Dreams (The Merchant Sleeps)
There are great layers of keyboard sound almost like a processional that make up this piece.
Fear (The Merchant Wakes)
There is a sound like a beating heart over which strange keyboard textures are heard.
The Rose and the Beast
This short track starts with the sound of a storm and then shifts to a keyboard chord.
Magnificent (The White Horse)
A horse is heard at the start neighing. Later in the track the galloping drives a lot of it. Keyboard textures dance around as the song continues. A jackhammer type sound takes over at the end.
Beauty Enters the Castle
This really does bring beauty in some sounds that are part electronic and part classical. It's very short.
The Door

Weird effects driven keyboards are the idea on this short track.

The Mirror
Only twenty seconds long, this keyboard thing does feel reflective.
Candelabra and Gargoyles
Weird keyboard bits are interspersed with all kind of oddities on this thirty second piece.
Beauty and the Beast
As this comes in it feels a bit ominous.
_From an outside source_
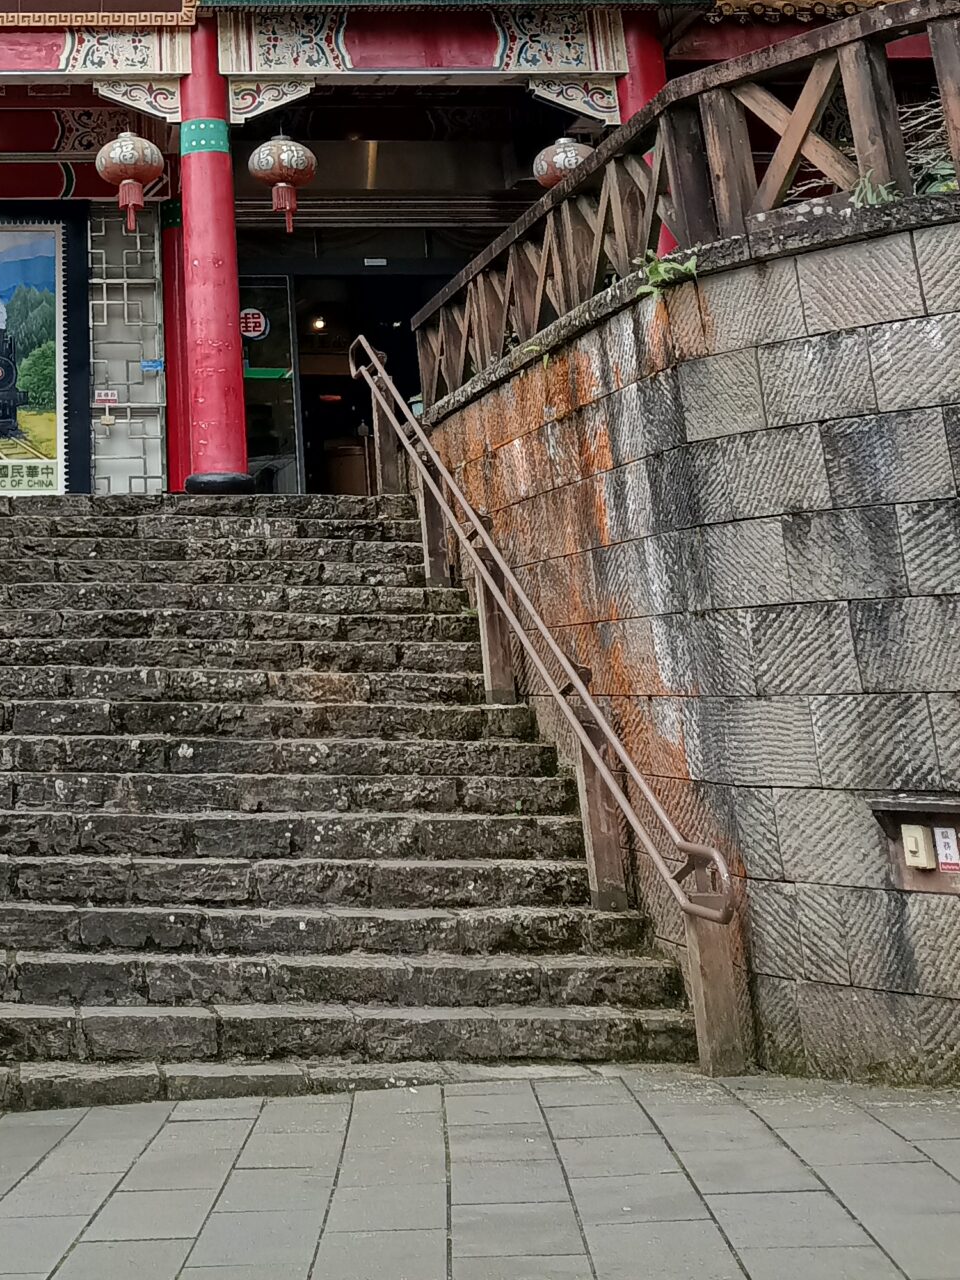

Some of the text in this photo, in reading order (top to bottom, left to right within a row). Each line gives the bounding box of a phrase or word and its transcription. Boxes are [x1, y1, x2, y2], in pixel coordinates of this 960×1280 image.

[240, 312, 261, 332] 郵
[10, 480, 23, 488] OF
[27, 480, 53, 488] CHINA
It grows out into some of the most purely musical keyboard work here.
Transition No. 1
Weird sound effects eventually takes it to a chiming clock to end.
Transition No. 2
Melodic keyboard elements are the concept here.
The Hunt

This comes in percussive and works its way forward from there. There is a sound that calls to mind a wild animal. It all shifts to weird keyboards at the end, but that animal is still there.

The Gift
This is just a ten-second bit of keyboard weirdness.
The Garden
The sounds of nature start this. Keyboard melodies rise up in one of the more traditionally musical pieces here.
Transition No. 3
More melodic keyboard elements are the idea here.
Transition No. 4
Trippier and weirder, that animal from earlier returns here.
The Tragedy
This does feel melancholy and tragic. There is definitely a sadness to it.
Transition No. 5
This is a short bit of melodic keyboard music.
The Enchanted Glove
While the musical element here is both melodic and atmospheric, there is something a bit like a crack of thunder mid-track.
Tears As Diamonds (The Gift Reverses)
This is just an eleven second bit of flourish.
The Beast in Solitude
A weird keyboard sound brings this into being. It works out from there with melodic waves of sound carrying it.
The Return of the Magnificent
Less than thirty seconds long, this is just keyboard textures with the sound of the horse from earlier.
Transition No. 6 (The Journey)
A noisy, trippy keyboard element starts this. It's another cut that has weird, quick changing parts, though.
The Pavilion of Diana

Sound effects styled keyboards are the idea here.

Transformation No.1

There are some intriguing moments on this piece.

Transformation No. 2
A sense of magic and mystery seems to permeate this cut.
The Final Curtain
Melodic keys and a chiming bell at the end make up this closing piece.